Images for object localization
▶
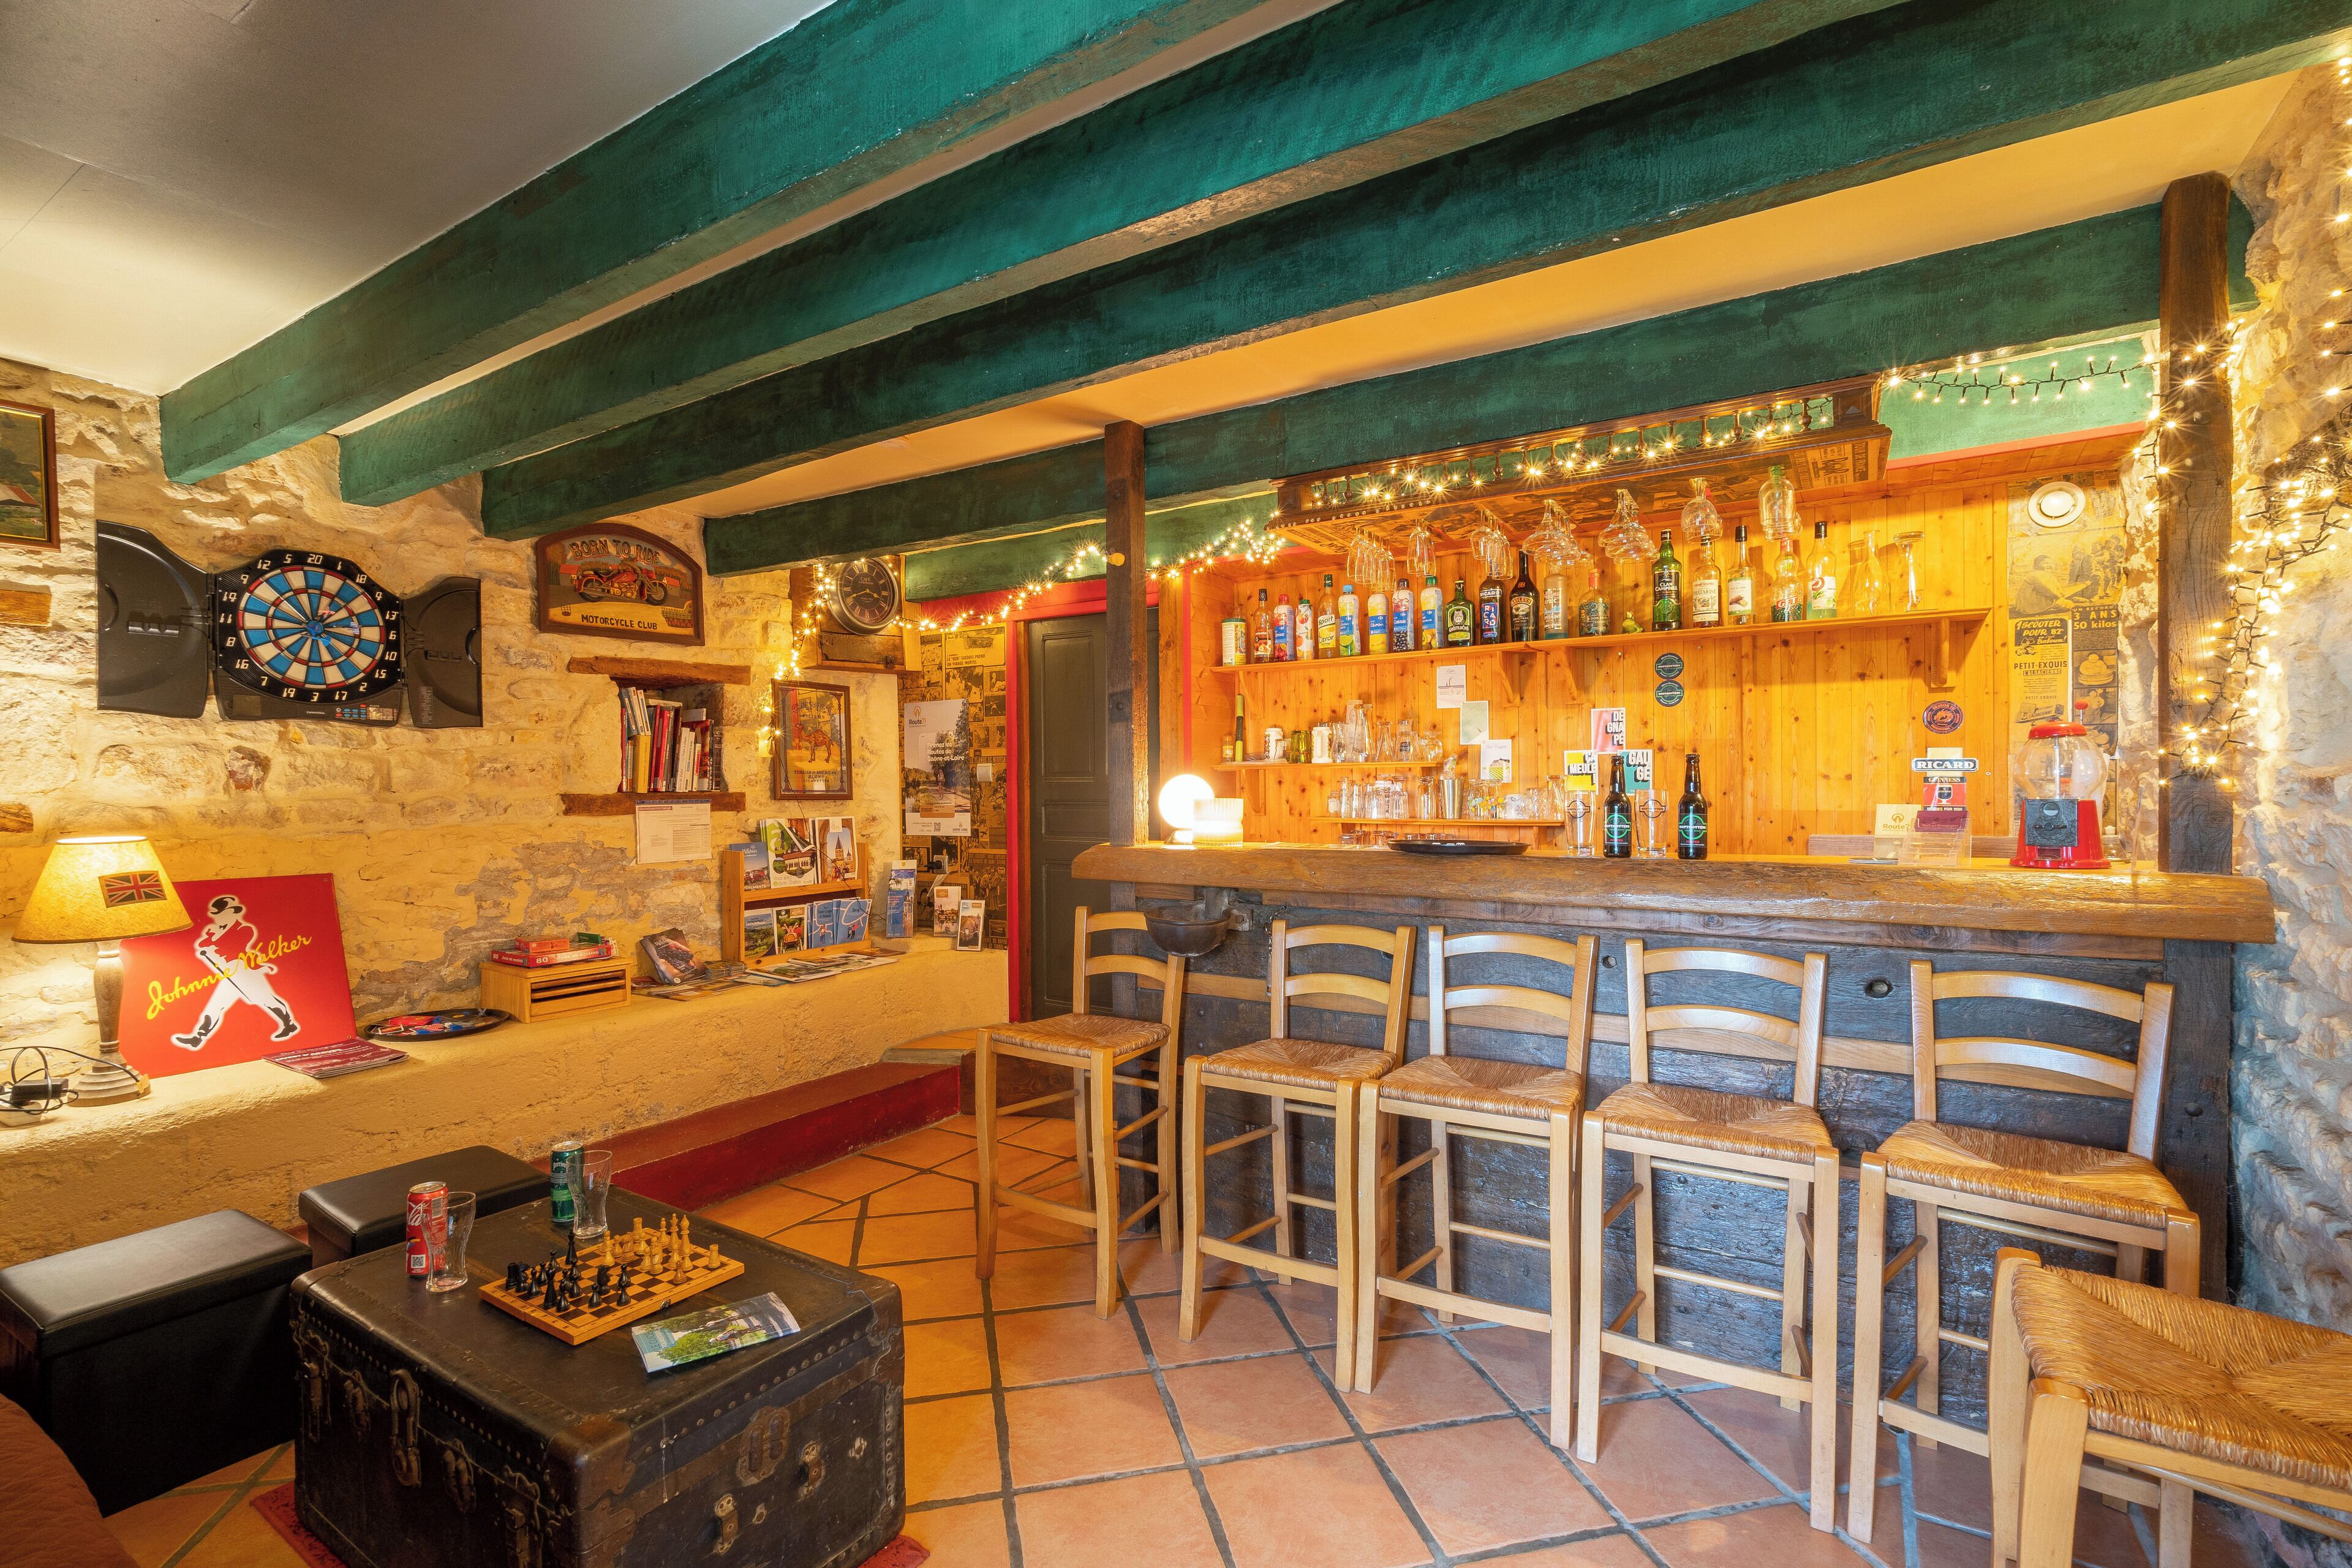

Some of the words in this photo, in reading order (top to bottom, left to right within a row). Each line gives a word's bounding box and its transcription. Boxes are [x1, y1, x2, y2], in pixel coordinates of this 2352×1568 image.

[569, 539, 610, 560] BORN
[612, 540, 631, 557] TO
[635, 545, 660, 566] RIDE
[284, 554, 293, 564] 5
[307, 554, 323, 564] 20
[257, 559, 271, 570] 12
[337, 561, 342, 570] 1
[241, 575, 249, 584] 9
[356, 574, 367, 584] 18
[223, 592, 237, 601] 14
[375, 592, 382, 600] 4
[1511, 597, 1533, 605] BAILEYS
[1777, 597, 1797, 608] GET
[219, 614, 232, 623] 11
[386, 611, 397, 620] 13
[581, 614, 635, 628] MOTORCYCLE
[638, 620, 657, 630] CLUB
[1319, 617, 1333, 626] Sport
[2022, 620, 2061, 628] SCOOTER
[2073, 621, 2087, 630] 50
[2091, 620, 2117, 629] kilos
[389, 631, 396, 639] 6
[226, 637, 236, 647] 8
[385, 652, 398, 661] 10
[235, 659, 249, 669] 16
[375, 669, 386, 678] 15
[261, 676, 269, 686] 7
[360, 682, 367, 692] 2
[282, 688, 296, 698] 19
[311, 692, 318, 701] 3
[335, 691, 348, 700] 17
[792, 701, 834, 718] CAMEL
[1613, 709, 1623, 722] DÉ
[1628, 751, 1650, 765] GAU
[1569, 764, 1596, 774] MEULE
[1916, 761, 1975, 769] RICARD
[147, 963, 233, 1019] Johnnie
[237, 935, 312, 970] Walker
◀
**HOW TO COMPLETE THIS TASK**
Return all of the records above exactly as written. Omit each picture.

**RESPONSE AREA**
Some of the words in this photo, in reading order (top to bottom, left to right within a row). Each line gives a word's bounding box and its transcription. Boxes are [x1, y1, x2, y2], in pixel coordinates of this 2352×1568 image.

[569, 539, 610, 560] BORN
[612, 540, 631, 557] TO
[635, 545, 660, 566] RIDE
[284, 554, 293, 564] 5
[307, 554, 323, 564] 20
[257, 559, 271, 570] 12
[337, 561, 342, 570] 1
[241, 575, 249, 584] 9
[356, 574, 367, 584] 18
[223, 592, 237, 601] 14
[375, 592, 382, 600] 4
[1511, 597, 1533, 605] BAILEYS
[1777, 597, 1797, 608] GET
[219, 614, 232, 623] 11
[386, 611, 397, 620] 13
[581, 614, 635, 628] MOTORCYCLE
[638, 620, 657, 630] CLUB
[1319, 617, 1333, 626] Sport
[2022, 620, 2061, 628] SCOOTER
[2073, 621, 2087, 630] 50
[2091, 620, 2117, 629] kilos
[389, 631, 396, 639] 6
[226, 637, 236, 647] 8
[385, 652, 398, 661] 10
[235, 659, 249, 669] 16
[375, 669, 386, 678] 15
[261, 676, 269, 686] 7
[360, 682, 367, 692] 2
[282, 688, 296, 698] 19
[311, 692, 318, 701] 3
[335, 691, 348, 700] 17
[792, 701, 834, 718] CAMEL
[1613, 709, 1623, 722] DÉ
[1628, 751, 1650, 765] GAU
[1569, 764, 1596, 774] MEULE
[1916, 761, 1975, 769] RICARD
[147, 963, 233, 1019] Johnnie
[237, 935, 312, 970] Walker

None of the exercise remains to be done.